# Terminal

Browser-based shell into any computer you own. The terminal is a **human debug window**, you use it to inspect what your agent did, tail logs, verify state, and diagnose failures. It's not how your agent talks to the computer (the agent is already inside the sandbox as a normal process), and it's not how you configure or set up your computer (that's strictly declarative via `orb.toml`).

When to use it:
- Tail a log the agent wrote: `tail -f /agent/code/logs/agent.log`
- Verify agent env vars: `env | grep ANTHROPIC`
- Check package state: `pip list | grep claude-agent-sdk`
- Run the agent binary manually to see fresh stderr: `python agent.py`
- Poke at `/agent/code/findings/` after an overnight run
- Test LLM connectivity: `curl $ANTHROPIC_BASE_URL/v1/models -H "x-api-key: $ANTHROPIC_API_KEY"`

### The terminal is **not** for setup

ORB is declarative. Every piece of setup you need your computer to have must live in `orb.toml` or your cron config, so that tearing down and redeploying the computer reproduces the same environment byte-for-byte. The terminal does not survive a rebuild.

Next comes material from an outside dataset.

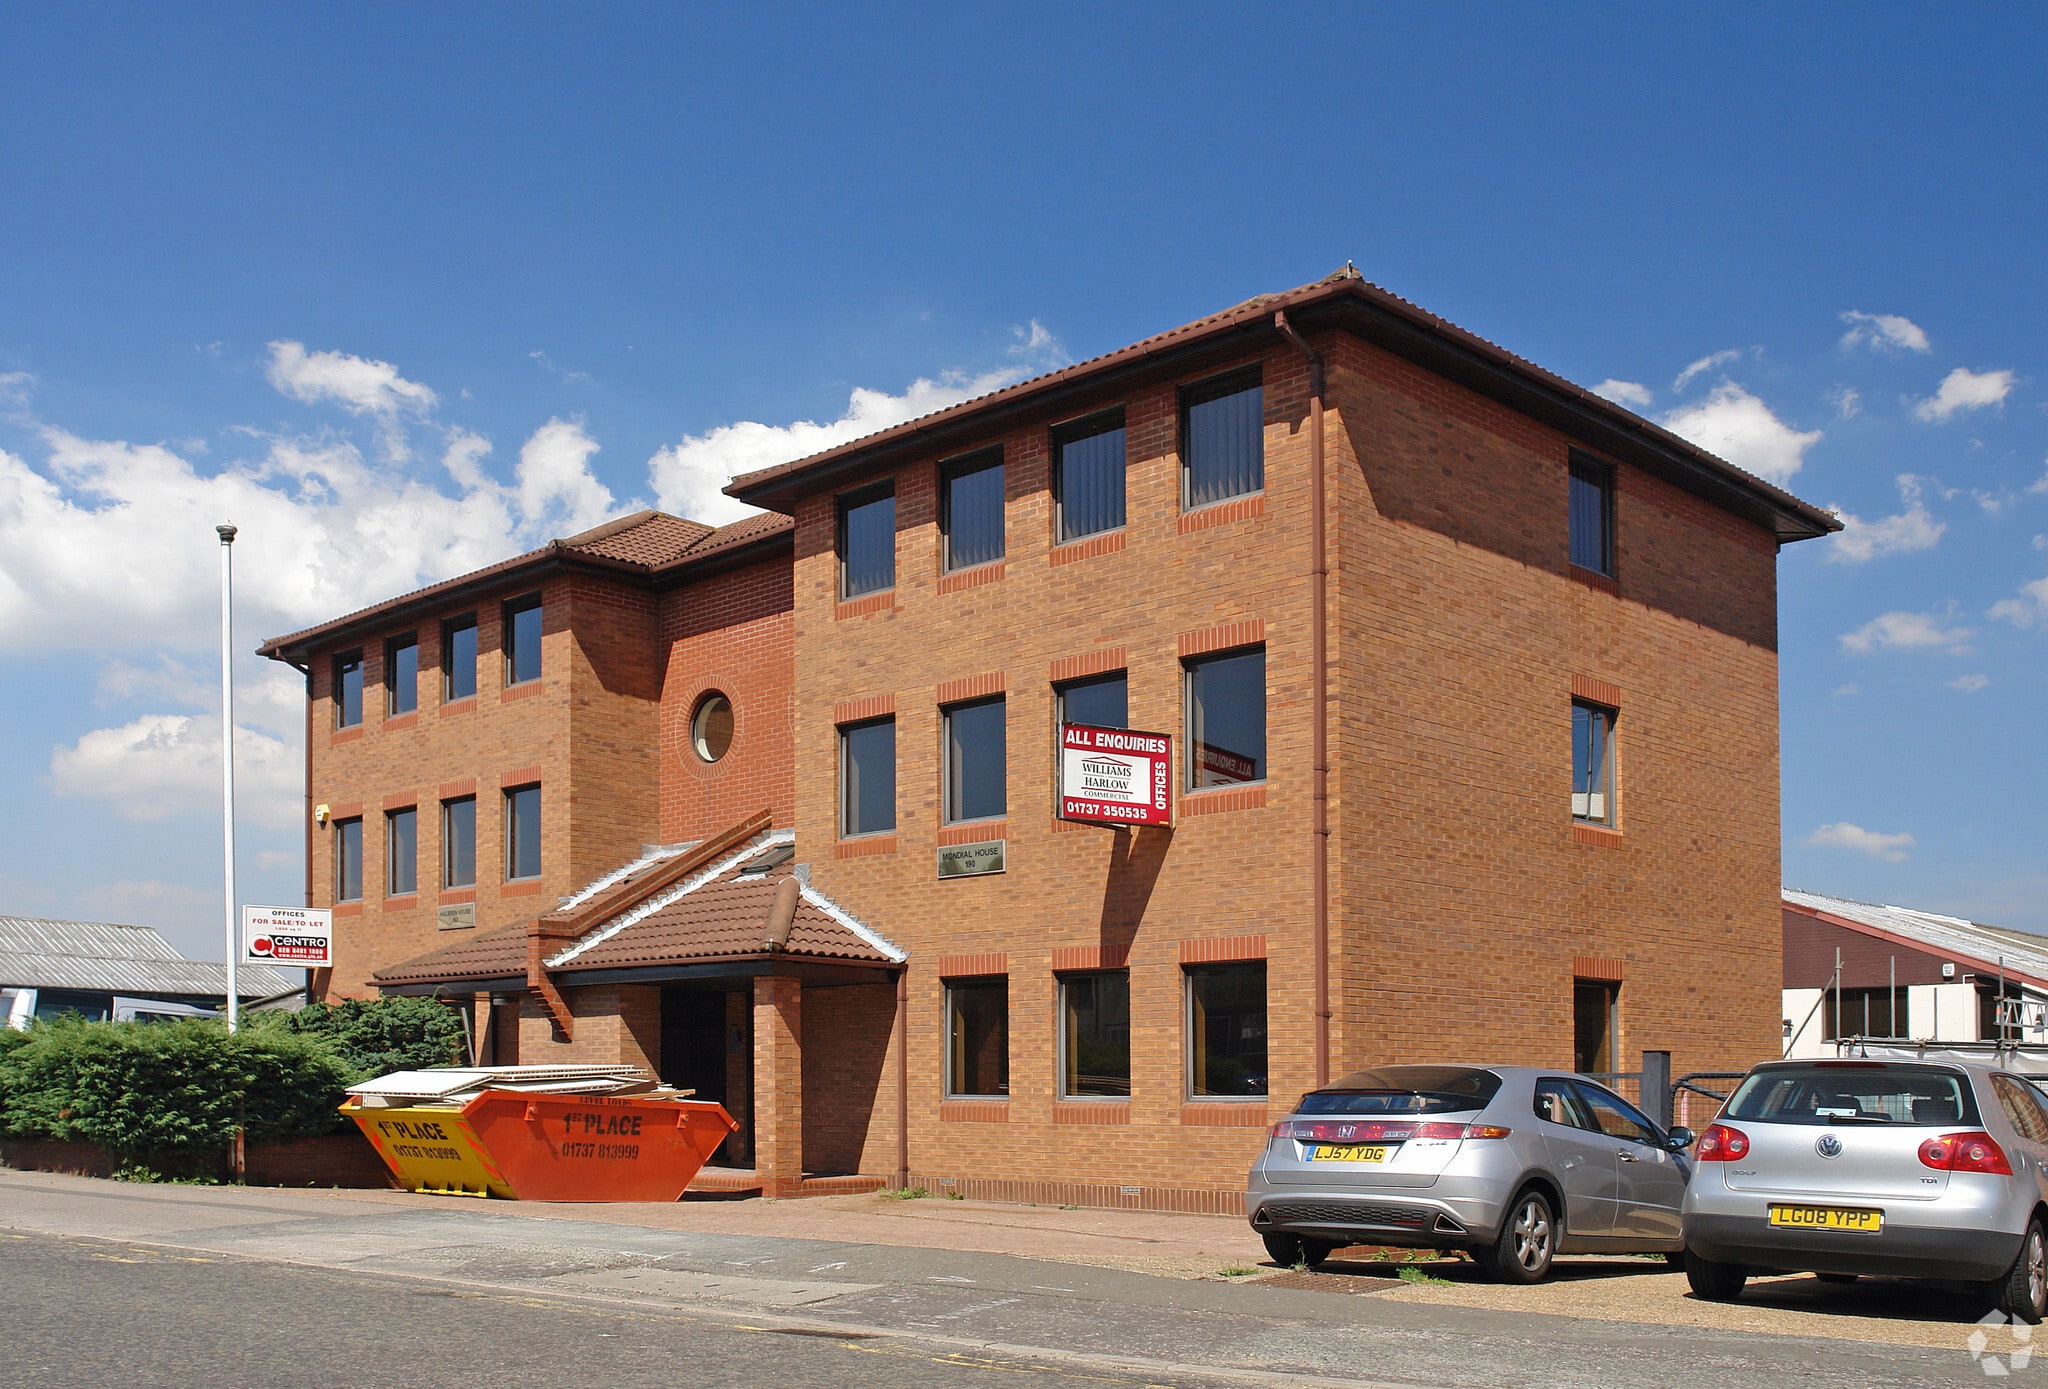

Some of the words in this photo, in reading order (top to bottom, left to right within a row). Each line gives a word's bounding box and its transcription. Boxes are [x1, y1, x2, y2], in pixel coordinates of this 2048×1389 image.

- Install packages → `orb.toml` `[build].steps` + `POST /v1/computers/{id}/build`
- Place files → your git source; ORB clones it into the sandbox on build
- Schedule tasks → `/agent/.orb/cron.json` (or `orb.toml` `[build]` step that writes it)
- Provision secrets → `org_secrets` at deploy time, referenced via `${VAR}` in `[agent.env]`
- Write startup config → `[build].steps` or baked into your agent's source

If you find yourself `apt install`-ing something in the terminal, stop, add it to `orb.toml` instead. The next rebuild will destroy that state and you'll be confused when it breaks.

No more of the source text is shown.